No — non-ASCII characters are passed through unchanged because Java source files are compiled with a configurable encoding (UTF-8 by default in modern toolchains) and accept literal Unicode in string literals. If your build pipeline forces ASCII-only source, you can replace each non-ASCII character with its \u00xx escape after the basic escape pass — but that requirement is rare on modern projects.
What about modified UTF-8?
Modified UTF-8 is the encoding the JVM uses internally for class-file constants — it differs from standard UTF-8 in how it encodes the null character and supplementary code points. It is purely an internal detail; it does not change how you write Java source. The escape transformation here produces a valid Java source-level string literal regardless of the modified-UTF-8 wire format used inside the class file.
Do I need to escape single quotes in Java strings?
No. Inside a double-quoted string, the single quote is just an ordinary character. You only need to escape it (\') inside char literals ('a', '\''). The tool follows that rule and leaves single quotes alone in string output.

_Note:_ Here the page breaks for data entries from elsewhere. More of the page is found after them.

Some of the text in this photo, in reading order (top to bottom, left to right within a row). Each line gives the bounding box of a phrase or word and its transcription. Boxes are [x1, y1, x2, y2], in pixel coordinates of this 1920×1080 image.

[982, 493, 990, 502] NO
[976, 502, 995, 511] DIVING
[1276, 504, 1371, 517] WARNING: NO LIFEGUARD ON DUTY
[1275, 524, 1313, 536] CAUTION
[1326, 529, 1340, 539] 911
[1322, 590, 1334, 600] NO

How does this compare with text blocks (Java 15+)?
Java 15 introduced text blocks (triple-quoted, """...""") which preserve newlines and quotes literally with much less escaping. If your target is Java 15 or later, paste raw multi-line content into a text block and skip the escape pass entirely. This tool produces a single-line traditional string literal — useful for older code, code-generation, and cases where you cannot use text blocks.
Can I use it for Java .properties files?
Almost. .properties files share the backslash escapes but additionally require escaping leading whitespace, the equals sign in keys, and use \u00xx for any character outside ISO-8859-1. The basic escapes here are correct, but for full .properties output you would add those rules. Modern projects often switch to UTF-8 .properties (Java 9+) which avoids most of the extra encoding.
What about Kotlin and Scala?
Kotlin and Scala both follow Java's escape conventions for traditional double-quoted strings, so the output of this tool is also valid Kotlin and Scala. Each language adds its own raw or interpolated string variants (Kotlin's """, Scala's s"...") that change the rules; for those, escape requirements differ.
Why is the backslash escaped first?
Order matters. If quote escaping ran first, the resulting \" would itself contain a backslash that the next pass would re-escape into \\". Doubling backslashes first is the only way to guarantee no double-encoding occurs in any character.
Is the input sent to a server?
No. The escape transformation runs entirely in JavaScript inside your browser. Java source often contains SQL templates, secrets, or business-logic constants — none of it leaves the device. Verify in the browser DevTools Network tab.